I have crimped up to two #14 wires to a four pin female Molex power pin but I used a different crimper and pins that had longer wings (those are a wee bit hard to find). The crimper was an el cheapo that crimped the wire and the insulation wings separately. 'Twas a bit fiddly to do, however, especially since I was doing it while the cable was still inside the computer (I needed to add a second four pin power connector to the end of a cable in a rather cramped case and it would have taken hours to R&R the cable instead of the 30 minutes it took to do the job in place).
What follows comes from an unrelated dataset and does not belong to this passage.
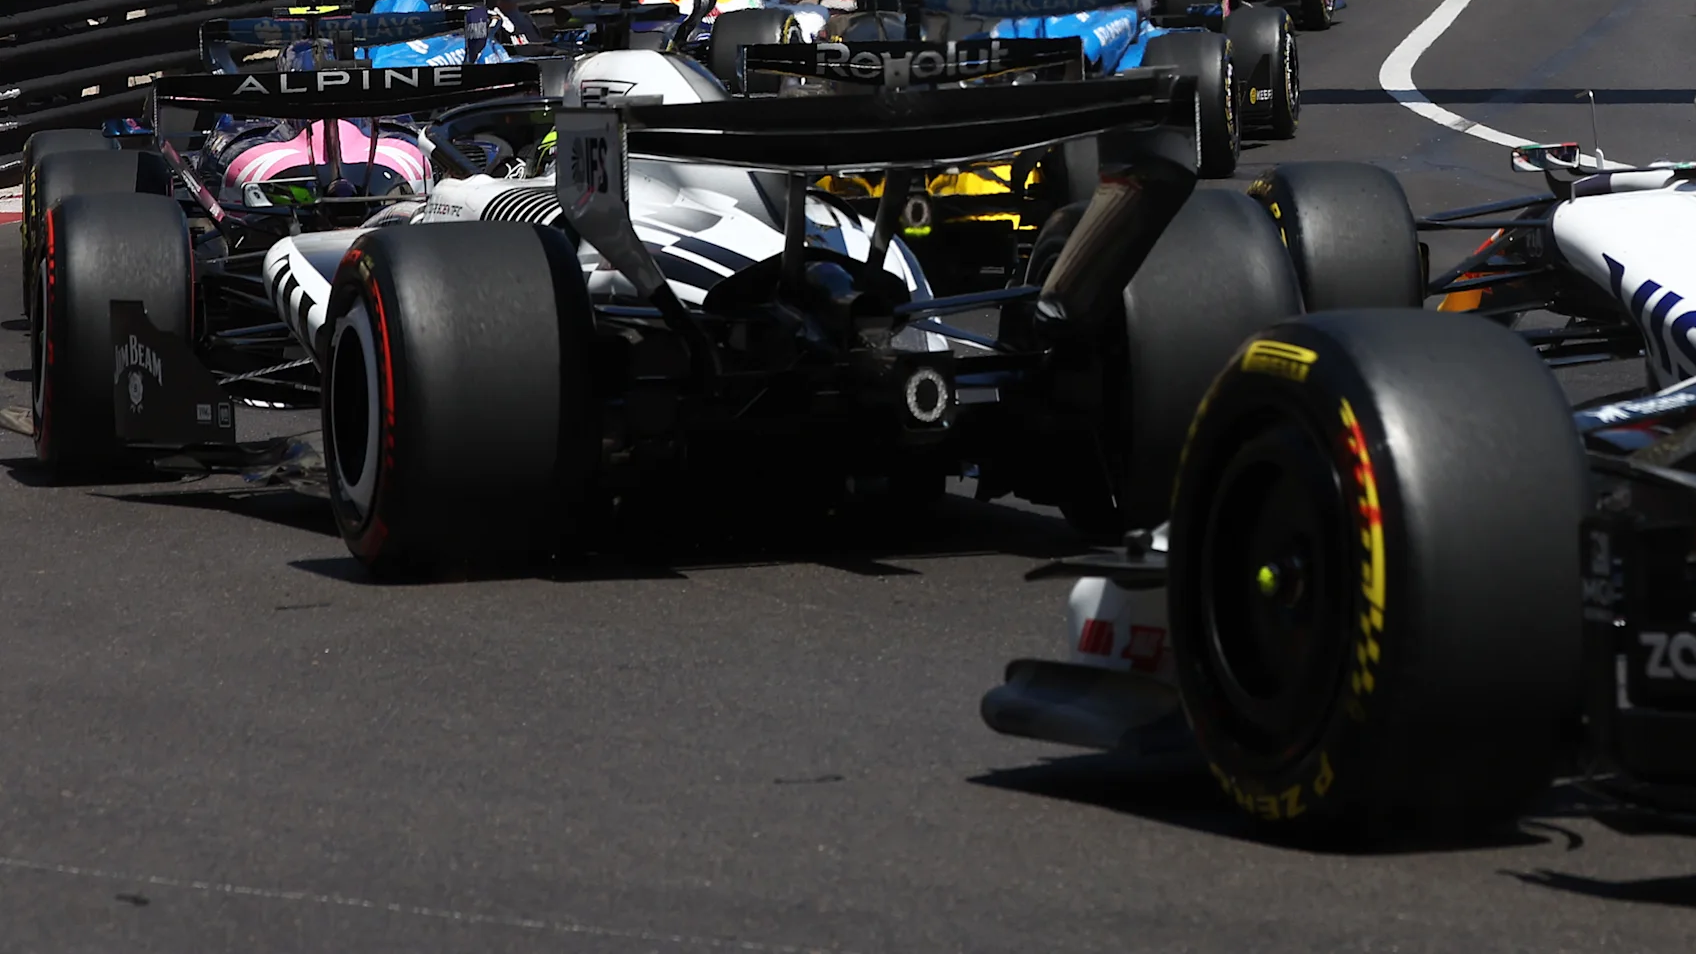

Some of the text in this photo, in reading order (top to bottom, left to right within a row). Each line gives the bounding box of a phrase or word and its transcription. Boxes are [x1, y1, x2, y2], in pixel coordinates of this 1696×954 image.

[816, 41, 1009, 78] Reolut
[232, 66, 463, 96] ALPINE
[114, 334, 163, 387] JIM BEAM
Warning: Spoiler! (Click to show)
I'm not saying that it cannot be done, you will just not have the same quality with using oversized wires in a terminal that is not designed to handle it. The CMA of the wire must meet the CMA range of the terminal in order to make a quality gas tight connection. This is not to say that failure to follow this will preclude a usable crimp, as it will indeed still function. It will just not be as reliable as a crimp using the appropriate tooling and materials. You say the terminal will accept up to 16AWG wire, so if this true there should be no sizing issues. Looking at the Molex part for this application (assuming we are talking about the same terminal here), they are designed for 14-20AWG wire, which tells me that this is not a gauge mismatch issue.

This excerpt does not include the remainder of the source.